In other words, data modeling is the process of creating data models. Data models are conceptual representations of data objects, along with the relationships between them and the rules. In effect, a data model can be considered similar to an architect’s building plan or blueprint, which helps create conceptual models and, at the same time, sets relationships between different data items.

Data models help maintain consistency in naming conventions, semantics, default values, and security, all while ensuring data quality. This helps to provide a consistent and predictable way of defining and managing data resources across an organization. They are built encompassing business needs. Business stakeholders help define the rules and requirements through feedback. This allows stakeholders to identify and rectify errors before the actual code of a new system is written.
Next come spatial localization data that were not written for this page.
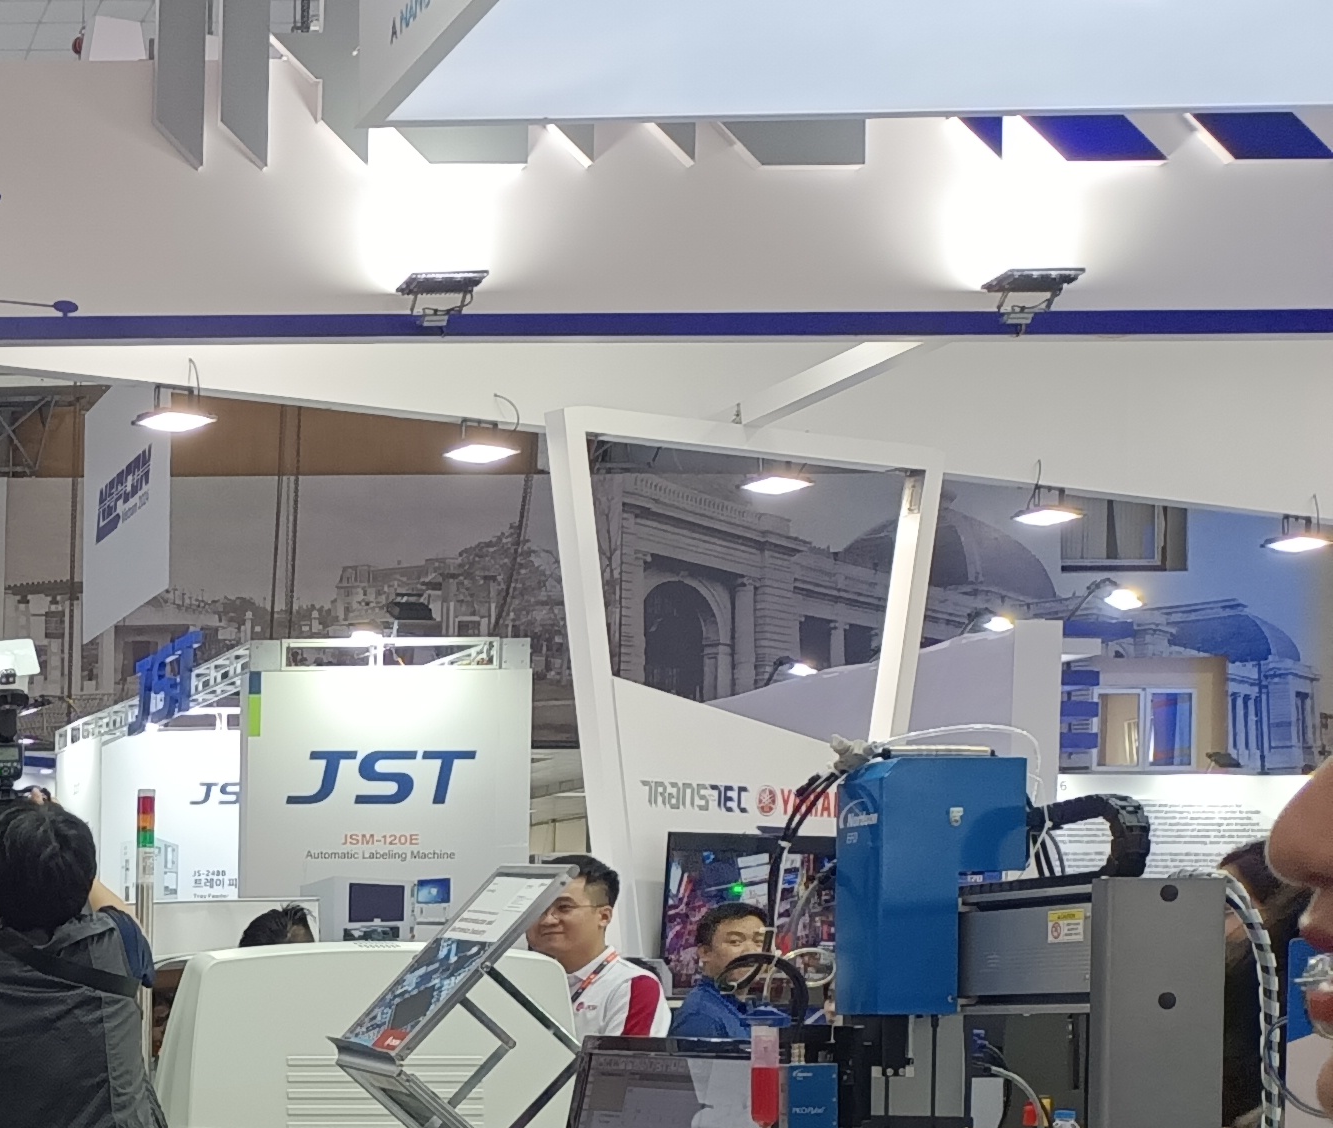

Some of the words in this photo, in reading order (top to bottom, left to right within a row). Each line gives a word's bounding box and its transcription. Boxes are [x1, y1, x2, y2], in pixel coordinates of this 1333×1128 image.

[285, 750, 477, 805] JST
[341, 833, 420, 846] JSM-120E
[305, 850, 359, 860] Automatic
[362, 850, 407, 862] Labeling
[410, 850, 456, 860] Machine
They are typically living documents that evolve based on changing business requirements. They offer a deeper understanding of what is being designed and play a crucial role in planning IT architecture and strategy and supporting various business processes.

Data Modeling Software

Software that mention data modeling as a feature or term.

Microsoft Power BI

Sisense

Looker

erwin Data Modeler

Azure Analysis Services

Qlik Sense

Types of data models

Similar to most design processes, data modeling starts at a high level of abstraction and gradually becomes more specific. Based on their degree of abstraction, data models can be divided into three types:

• Conceptual data model: This type of data model is the visual representation of database concepts and also the relationship between them. It provides a high-level description of a database design that presents how data is interrelated and what kind of data can be stored. It is also referred to as a domain model and is typically created as part of the initial project requirements gathering process. Conceptual data models are aimed to provide a better understanding of data for a business audience and not a technical one. Once a conceptual model is created, it can be transformed into a logical data model.
• Logical data model: This data model defines the structure of data entities and describes data from a technical perspective. It is less abstract and offers better detail about data concepts and relationships. In a logical data model, the attributes of each entity are clearly defined. It is used as a detailed representation of database design, and it serves as the basis for creating a physical data model.
• Physical data model: This category of data models is used for database-specific modeling. It offers a schema for how data will be stored within the database. This type of data model describes the database design for specific database management systems (DBMS) and goes into detail about primary and foreign keys, column keys, and restraints.

Types of data modeling

Data modeling enables organizations to establish consistency, discipline, and repeatability in data processing. It has evolved apace with DBMS. The following are some of the data modeling approaches:

• Hierarchical data modeling: This data modeling approach has a tree-like structure in which each record has a single parent or root. It represents one-to-many relationships. Hierarchical data modeling is used in geographic information systems (GISs) and Extensible Markup Language (XML) systems, even though it's relatively less efficient when compared to recently developed database models.
• Relational data modeling: This database modeling technique was suggested as an alternative to the hierarchical data model. It doesn’t demand developers to define data paths, and in it, data segments are specifically joined using tables, which reduces database complexity.
• Entity-relationship (ER) modeling: ER modeling uses diagrams to graphically show the relationships between different entities in a database. Data architects use ER modeling tools to convey database design objectives by creating visual maps.
• Object-oriented modeling: Object-oriented data modeling gained popularity as object-oriented programming became popular. It is similar to ER modeling techniques but differs because it focuses on object abstraction of real-world entities. It can support complex data relationships and groups objects in class hierarchies.
• Dimensional data modeling: This data modeling technique was designed to optimize retrieval speeds once data is stored in a data warehouse software. Unlike ER and relational models that focus on efficient storage, dimensional data models increase redundancy to make it easier to locate information.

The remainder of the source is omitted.